*REQUIRED WORK*: The whole listing is to be written out again exactly; the pictures are not.

*DATA RECORDS*:
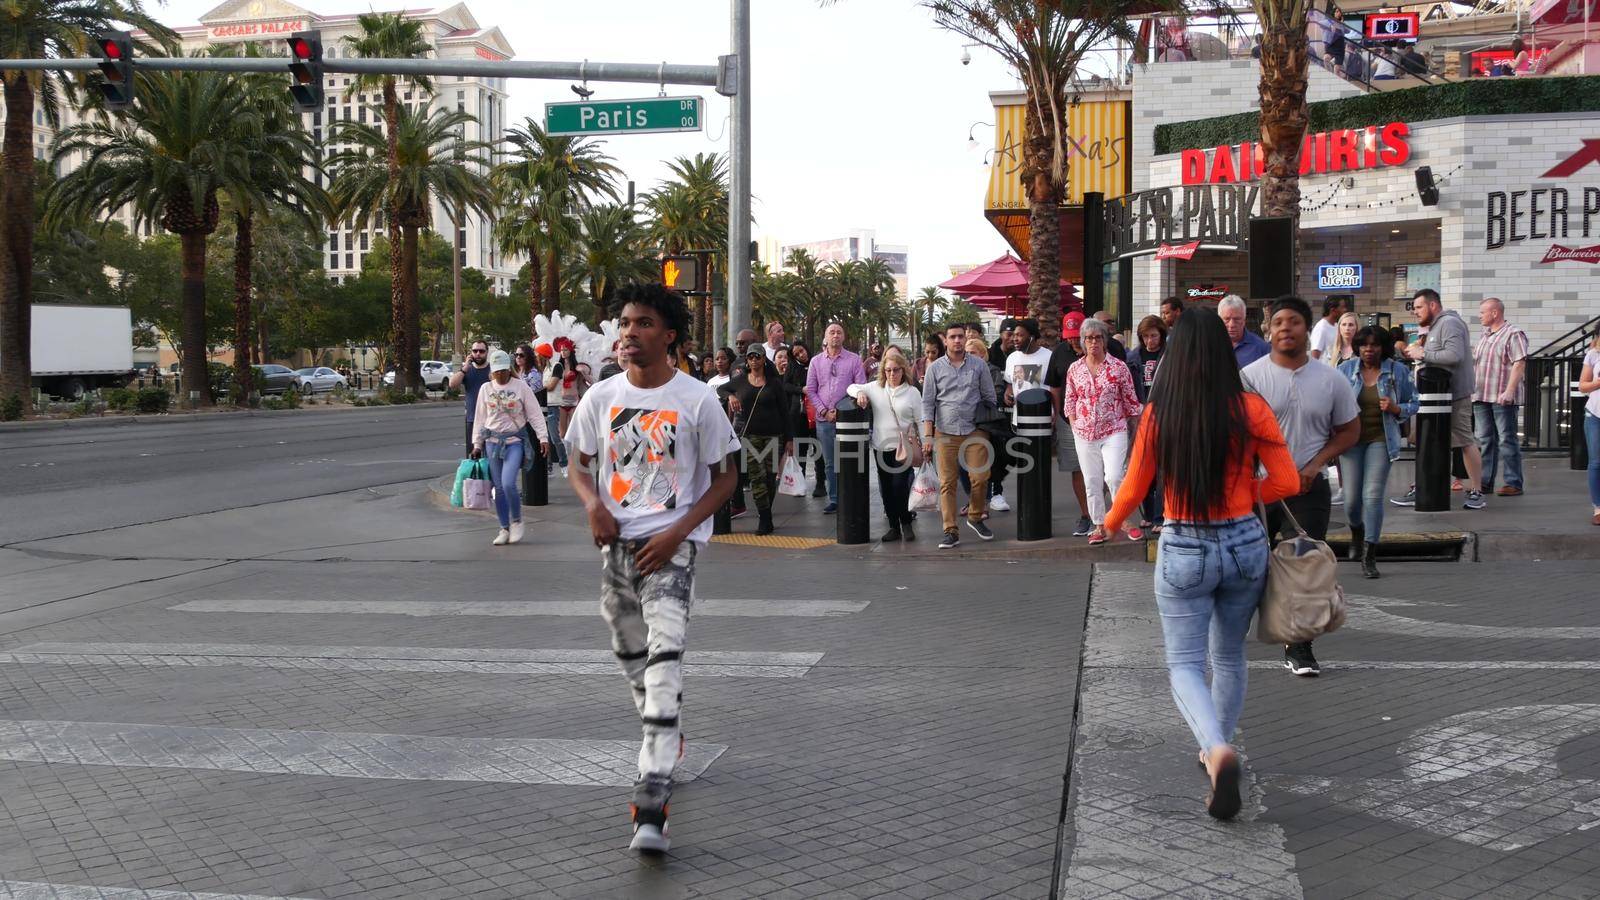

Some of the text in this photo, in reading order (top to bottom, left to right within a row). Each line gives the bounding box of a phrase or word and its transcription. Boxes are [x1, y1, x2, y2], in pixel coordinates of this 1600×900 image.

[213, 20, 302, 37] CAESARS PALACE
[548, 100, 693, 129] E Paris DR
[681, 116, 694, 127] 00
[992, 200, 1027, 209] SANGRIA
[1105, 184, 1261, 259] BEER PARK
[1486, 187, 1568, 250] BEER
[1157, 246, 1195, 257] Budweiser
[1546, 248, 1600, 259] Budweise
[1326, 267, 1355, 277] BUD
[1321, 276, 1359, 286] LIGHT
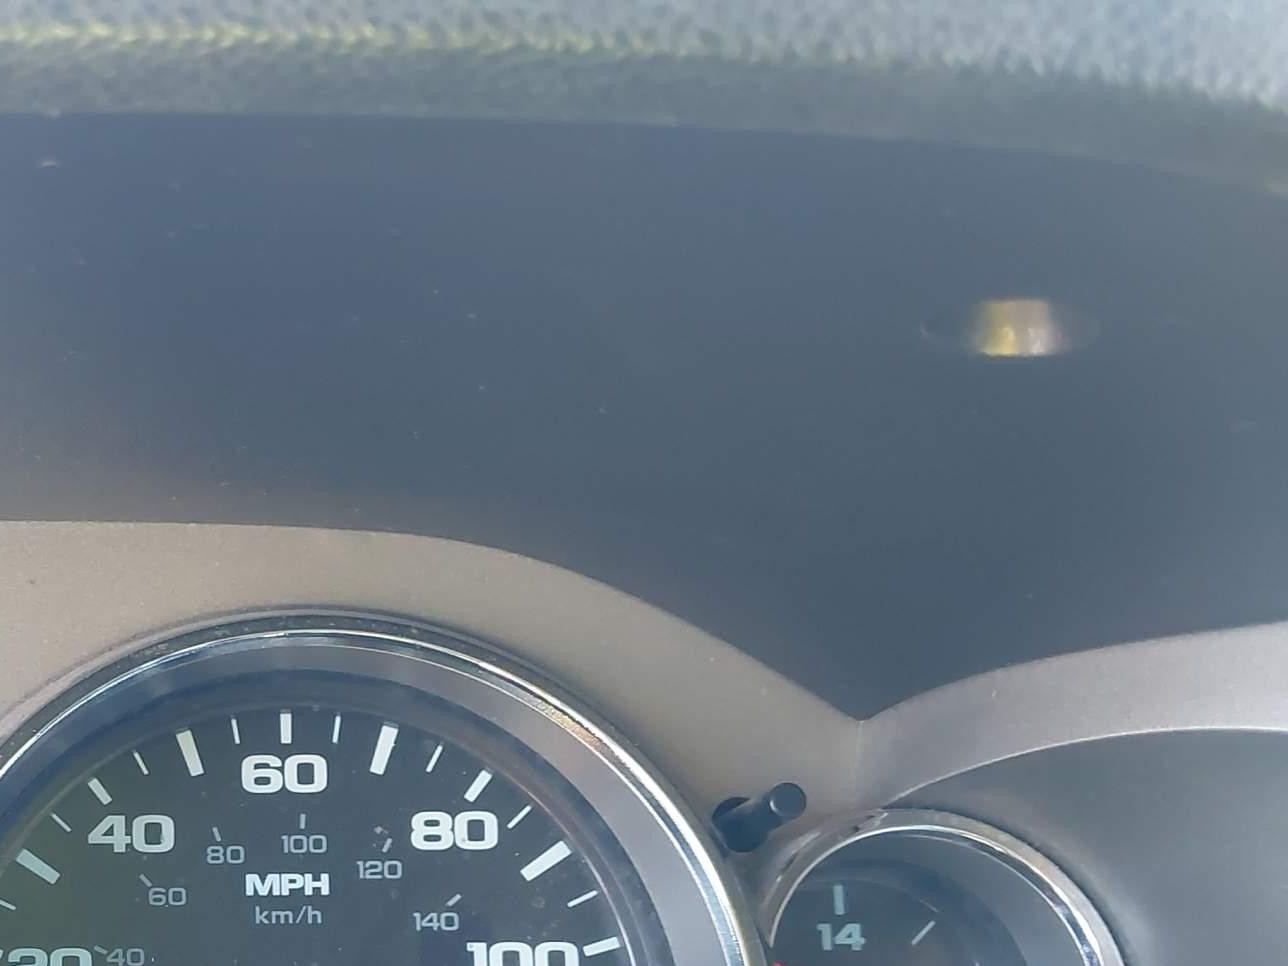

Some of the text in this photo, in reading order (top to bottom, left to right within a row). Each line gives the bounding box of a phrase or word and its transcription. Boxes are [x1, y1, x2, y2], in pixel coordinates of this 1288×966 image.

[241, 754, 327, 793] 60
[88, 815, 175, 852] 40
[411, 811, 498, 850] 80
[281, 835, 327, 853] 100
[206, 846, 245, 864] 80
[357, 861, 402, 879] 120
[245, 873, 330, 895] MPH
[148, 887, 186, 906] 60
[255, 906, 322, 924] km/h
[413, 912, 459, 931] 140
[816, 923, 866, 950] 14
[106, 948, 145, 966] 40
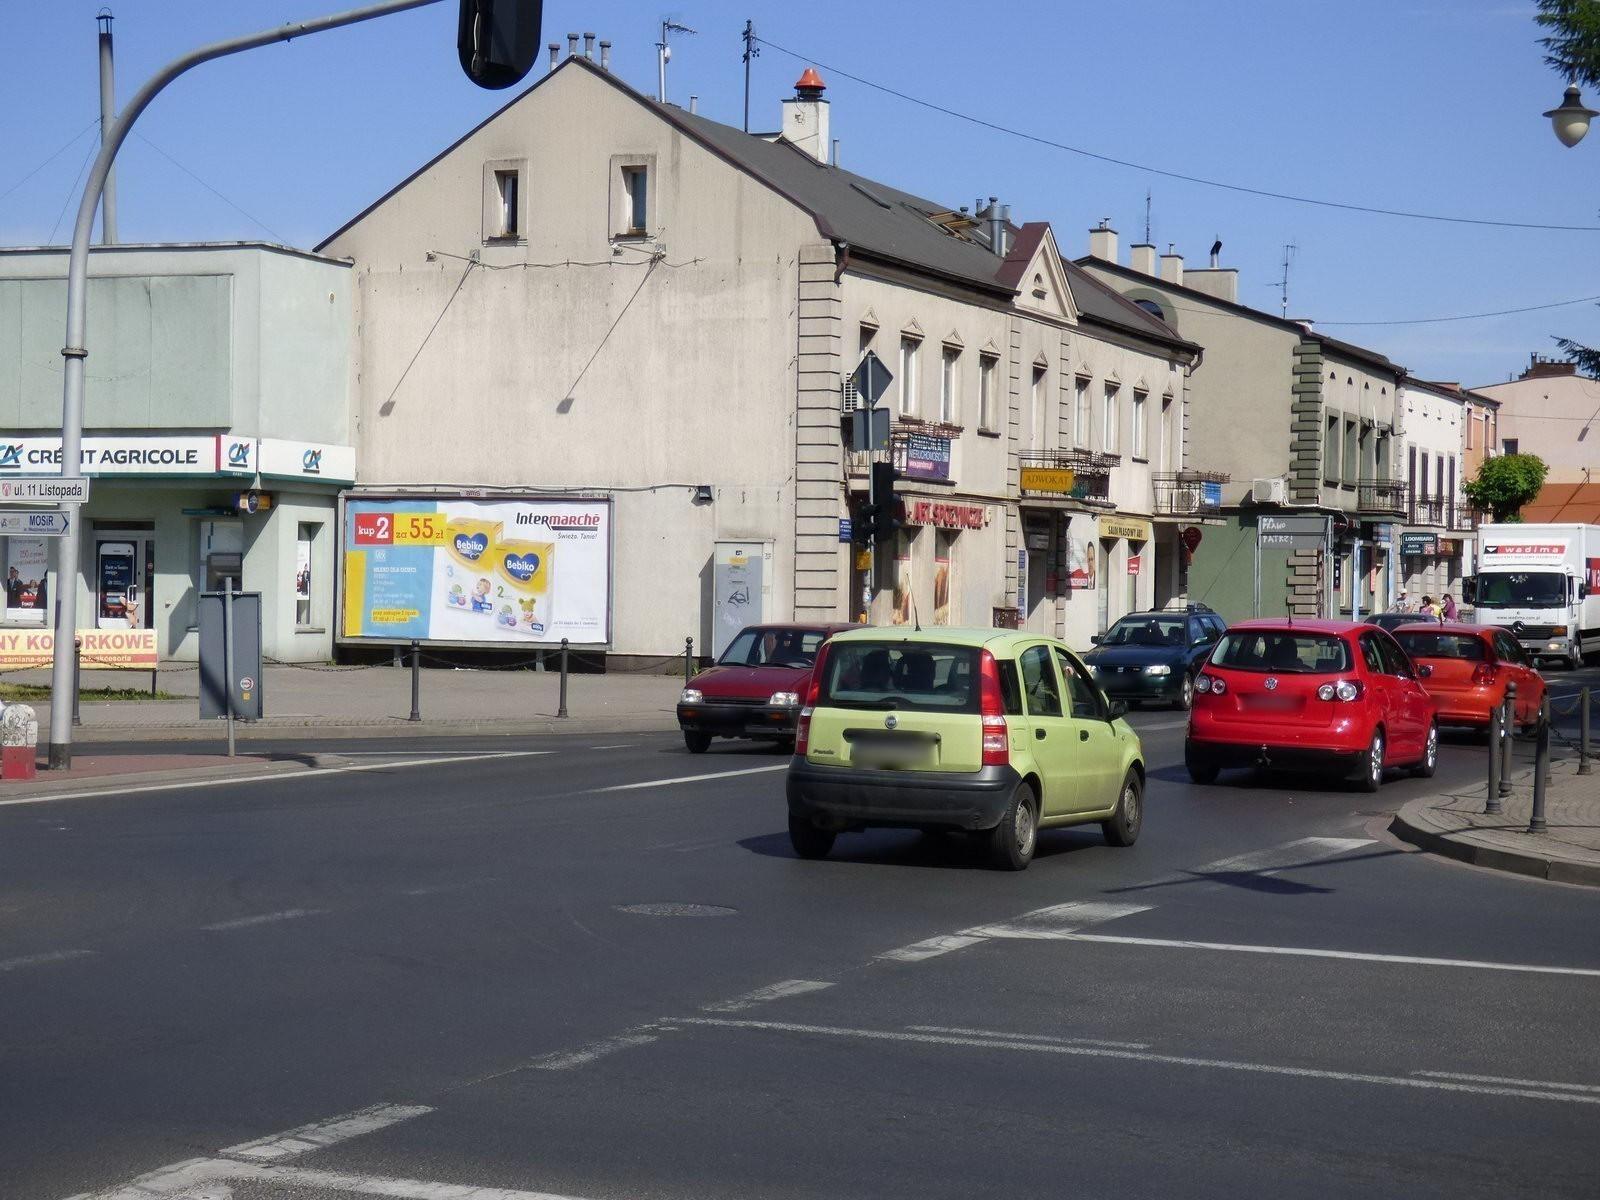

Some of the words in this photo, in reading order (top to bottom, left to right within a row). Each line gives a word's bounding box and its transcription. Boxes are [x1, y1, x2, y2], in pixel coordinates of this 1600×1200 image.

[28, 447, 96, 464] CRÉIT
[100, 449, 198, 464] AGRICOLE
[1027, 473, 1069, 485] ADWOKAT
[14, 484, 25, 496] ul.
[28, 484, 36, 496] 11
[39, 484, 82, 499] Listopada
[358, 526, 375, 536] kup
[376, 516, 389, 539] 2
[395, 531, 408, 539] za
[409, 517, 434, 539] 55
[435, 531, 445, 539] zł
[516, 512, 600, 531] Intermarché
[456, 539, 484, 552] Bebiko
[1504, 546, 1559, 554] wadima
[506, 560, 536, 572] Bebiko
[497, 586, 505, 598] 2
[27, 635, 153, 649] KORKOWE
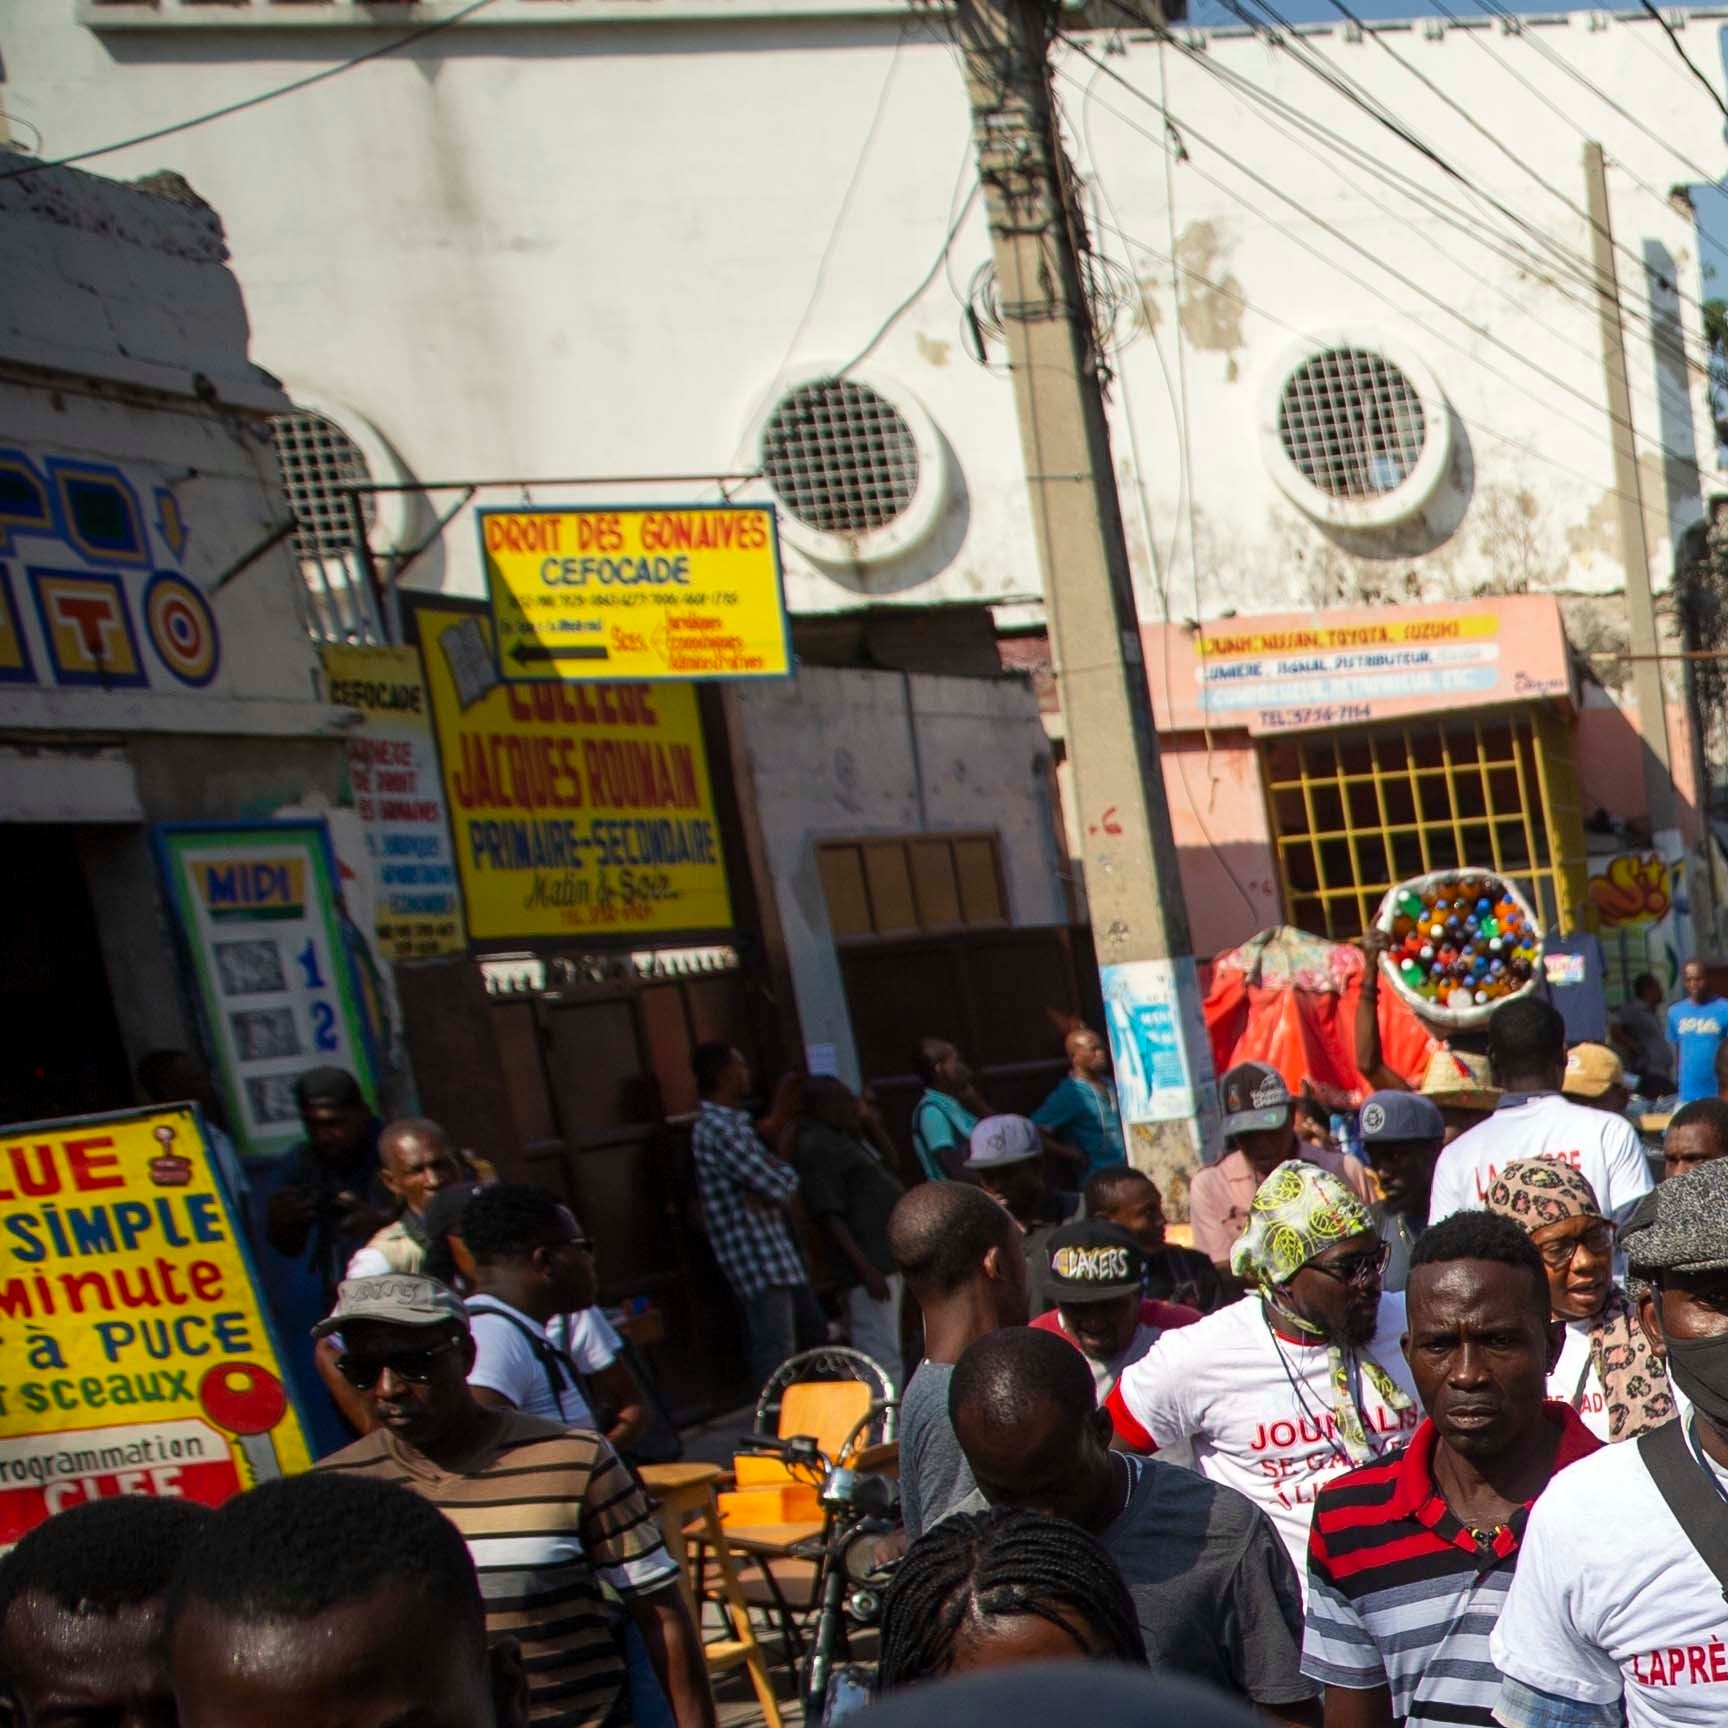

*EXERCISE ANSWER*:
Some of the text in this photo, in reading order (top to bottom, left to right within a row). Each line gives the bounding box of a phrase or word and its transcription. Boxes are [x1, y1, x2, y2], in pixel coordinates of this 1600×900 image.

[213, 20, 302, 37] CAESARS PALACE
[548, 100, 693, 129] E Paris DR
[681, 116, 694, 127] 00
[992, 200, 1027, 209] SANGRIA
[1105, 184, 1261, 259] BEER PARK
[1486, 187, 1568, 250] BEER
[1157, 246, 1195, 257] Budweiser
[1546, 248, 1600, 259] Budweise
[1326, 267, 1355, 277] BUD
[1321, 276, 1359, 286] LIGHT

Some of the text in this photo, in reading order (top to bottom, left to right within a row). Each line gives the bounding box of a phrase or word and its transcription. Boxes are [x1, y1, x2, y2], in pixel coordinates of this 1288×966 image.

[241, 754, 327, 793] 60
[88, 815, 175, 852] 40
[411, 811, 498, 850] 80
[281, 835, 327, 853] 100
[206, 846, 245, 864] 80
[357, 861, 402, 879] 120
[245, 873, 330, 895] MPH
[148, 887, 186, 906] 60
[255, 906, 322, 924] km/h
[413, 912, 459, 931] 140
[816, 923, 866, 950] 14
[106, 948, 145, 966] 40

Some of the words in this photo, in reading order (top to bottom, left to right within a row). Each line gives a word's bounding box and its transcription. Boxes are [x1, y1, x2, y2], in pixel coordinates of this 1600×1200 image.

[28, 447, 96, 464] CRÉIT
[100, 449, 198, 464] AGRICOLE
[1027, 473, 1069, 485] ADWOKAT
[14, 484, 25, 496] ul.
[28, 484, 36, 496] 11
[39, 484, 82, 499] Listopada
[358, 526, 375, 536] kup
[376, 516, 389, 539] 2
[395, 531, 408, 539] za
[409, 517, 434, 539] 55
[435, 531, 445, 539] zł
[516, 512, 600, 531] Intermarché
[456, 539, 484, 552] Bebiko
[1504, 546, 1559, 554] wadima
[506, 560, 536, 572] Bebiko
[497, 586, 505, 598] 2
[27, 635, 153, 649] KORKOWE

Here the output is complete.